## [PROBLEM REQUIREMENTS]
Copy each line of the entries beneath that contains the word "words".

## [DATA FOR REVIEW]
= = = = = = =

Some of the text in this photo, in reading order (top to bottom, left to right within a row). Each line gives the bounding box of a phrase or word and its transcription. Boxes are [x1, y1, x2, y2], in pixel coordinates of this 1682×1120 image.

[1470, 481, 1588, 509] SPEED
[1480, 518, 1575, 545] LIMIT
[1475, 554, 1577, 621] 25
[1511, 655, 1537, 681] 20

= = = = = = =

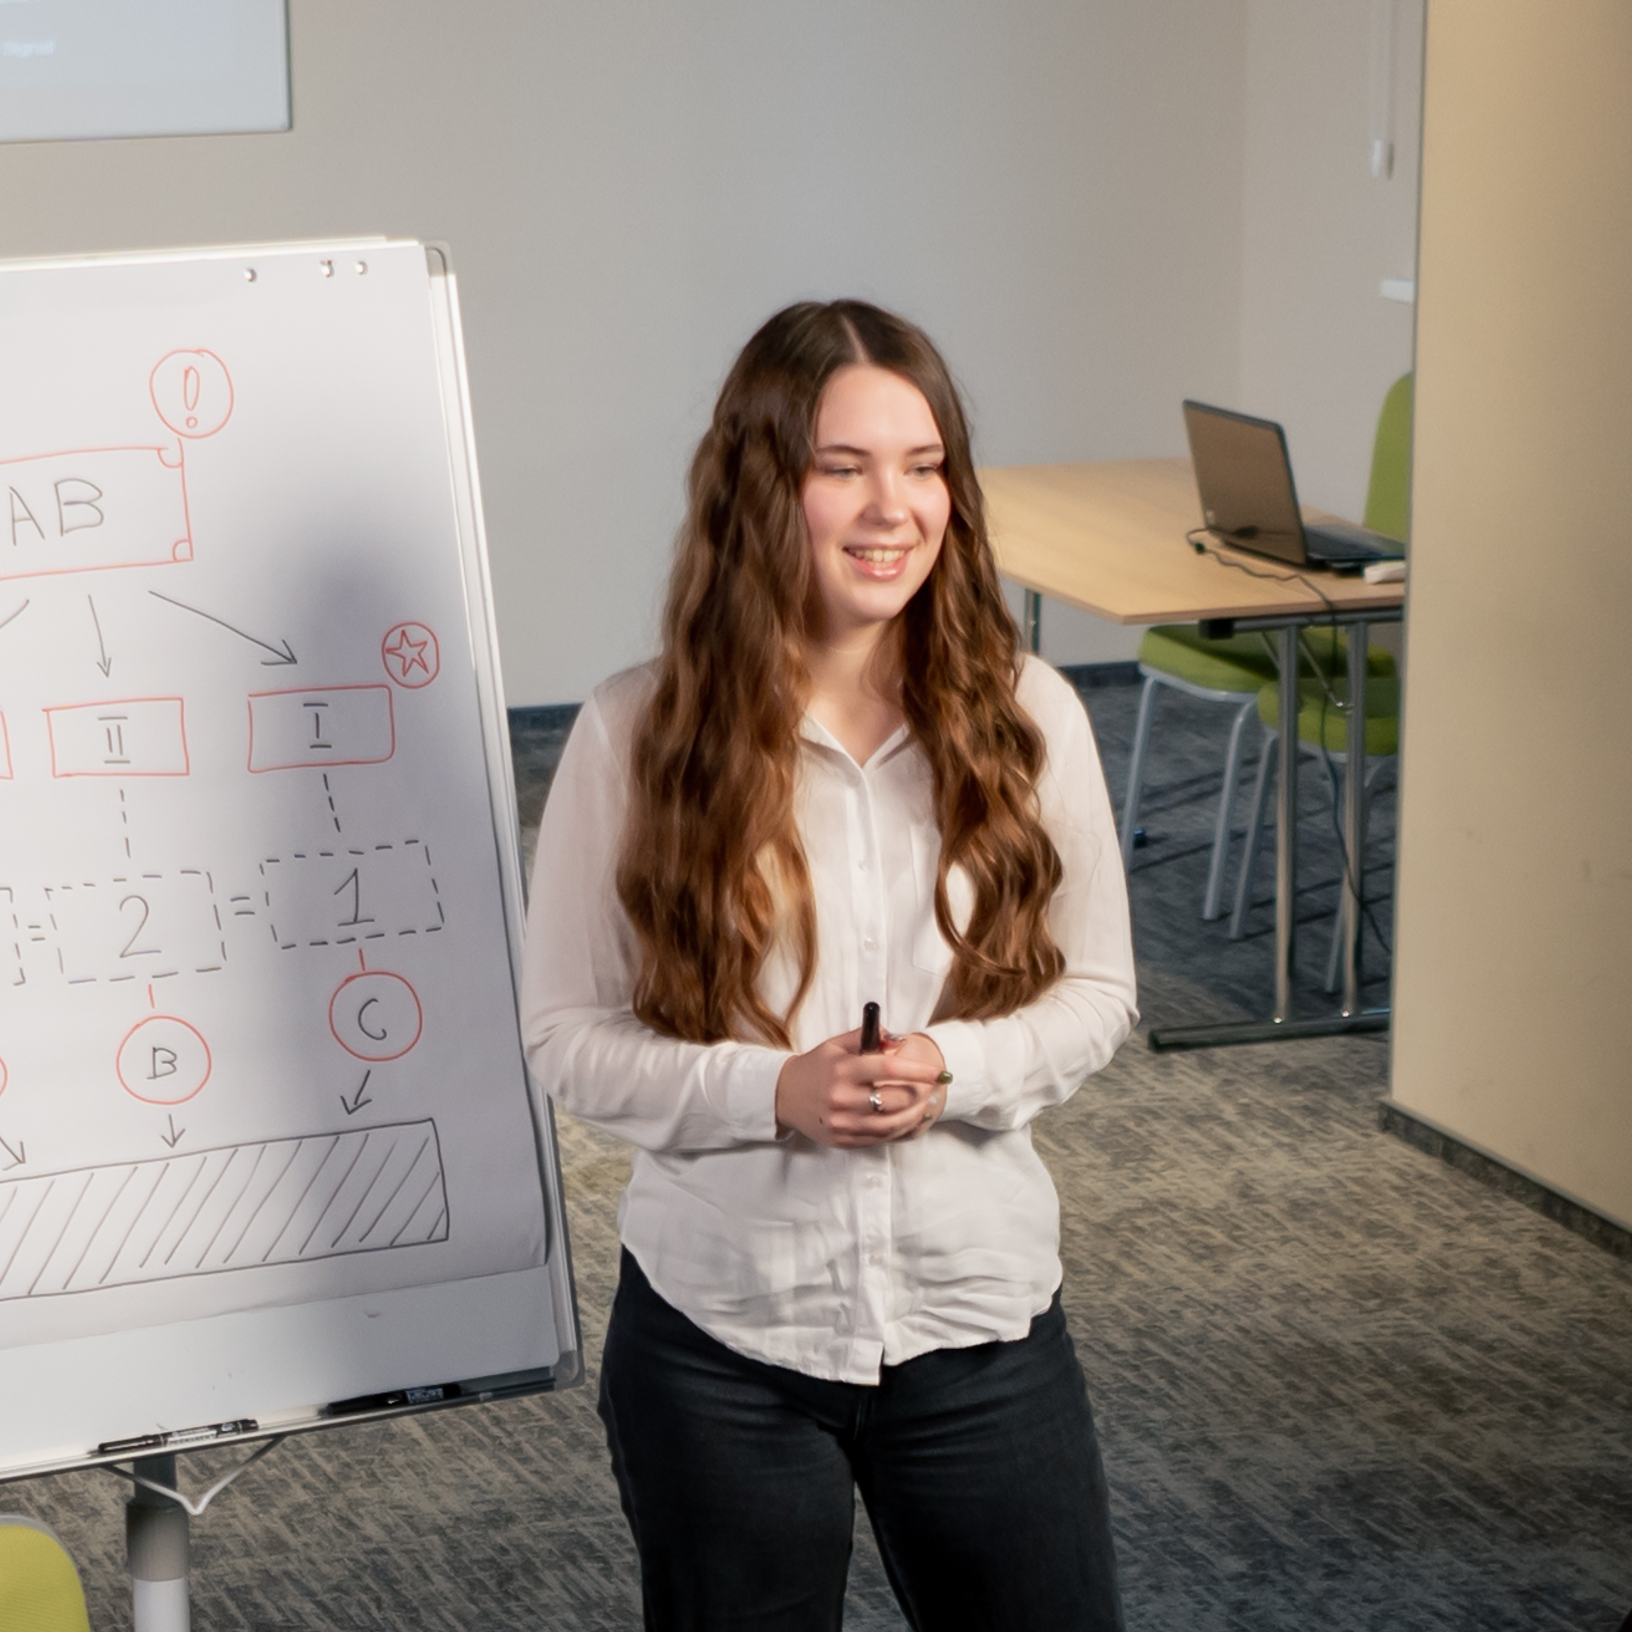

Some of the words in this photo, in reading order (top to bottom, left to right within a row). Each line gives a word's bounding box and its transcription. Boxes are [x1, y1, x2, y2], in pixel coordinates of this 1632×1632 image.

= = = = = = =

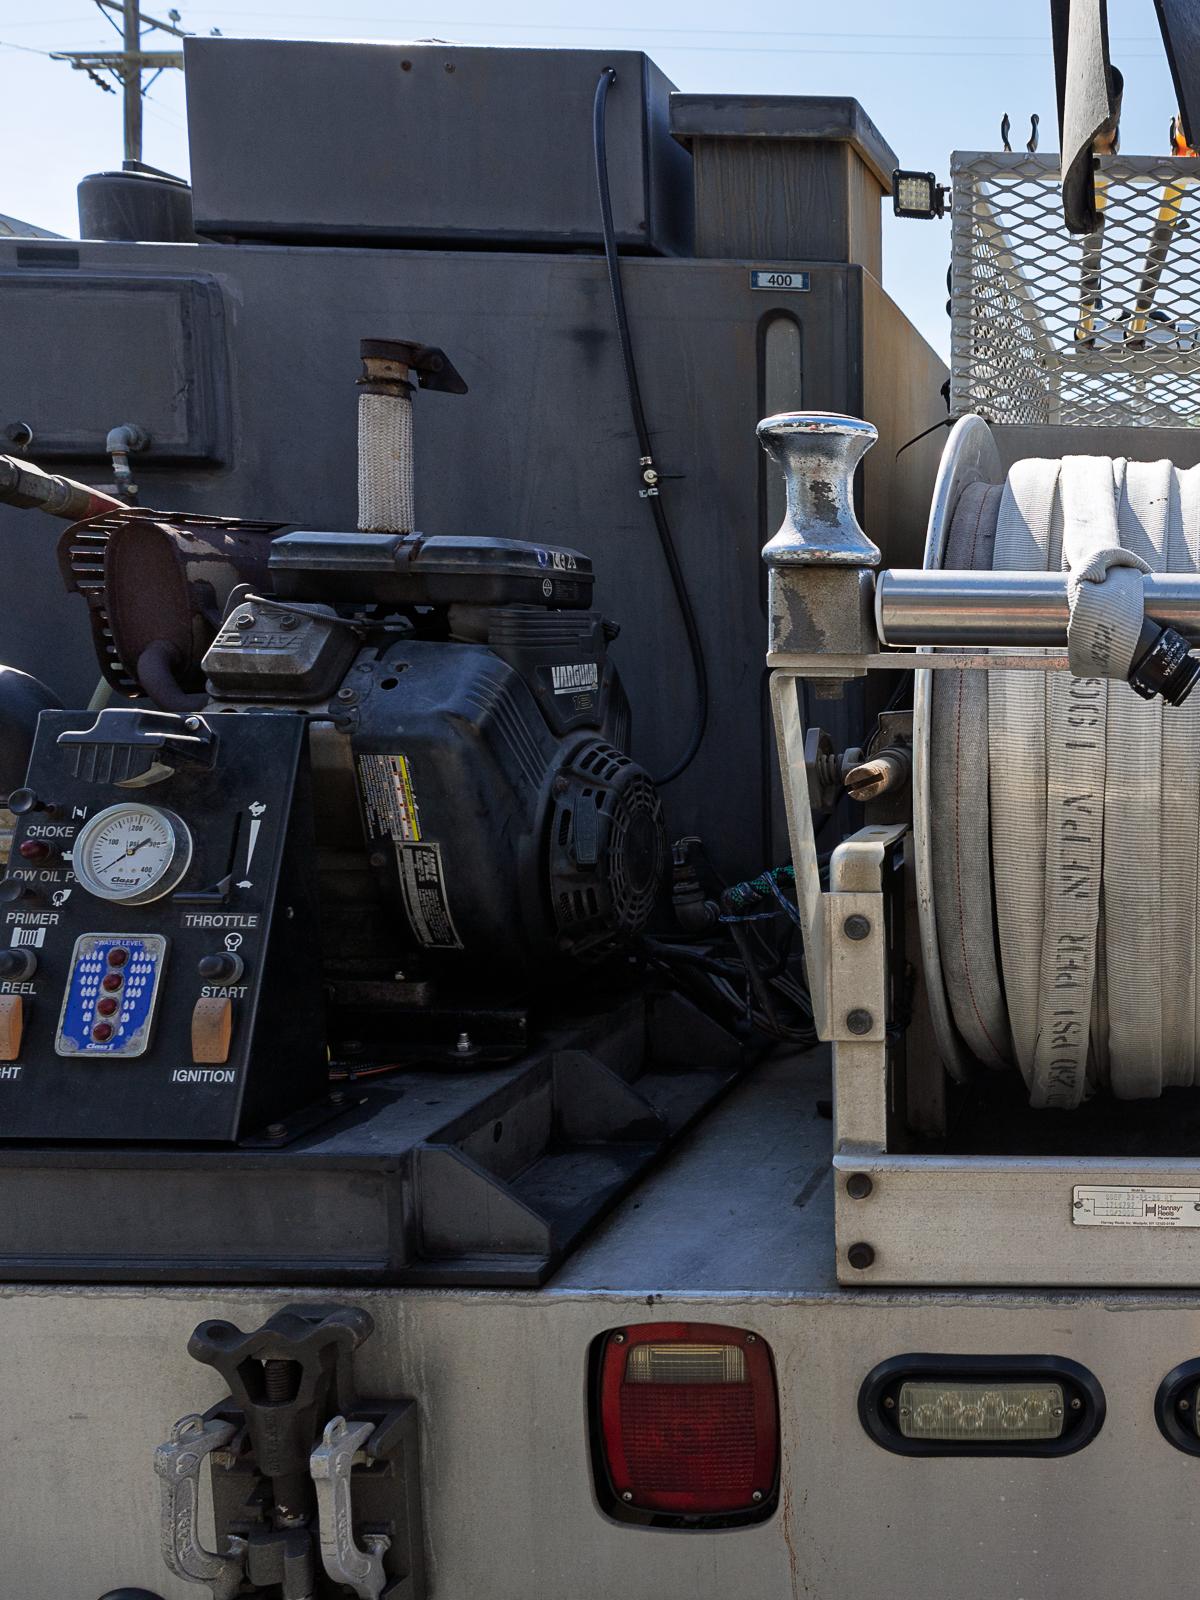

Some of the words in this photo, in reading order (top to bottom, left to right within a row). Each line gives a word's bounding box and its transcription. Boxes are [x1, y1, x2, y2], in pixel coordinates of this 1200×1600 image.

= = = = = = =

## [SOLUTION]
Some of the words in this photo, in reading order (top to bottom, left to right within a row). Each line gives a word's bounding box and its transcription. Boxes are [x1, y1, x2, y2], in pixel coordinates of this 1632×1632 image.
Some of the words in this photo, in reading order (top to bottom, left to right within a row). Each line gives a word's bounding box and its transcription. Boxes are [x1, y1, x2, y2], in pixel coordinates of this 1200×1600 image.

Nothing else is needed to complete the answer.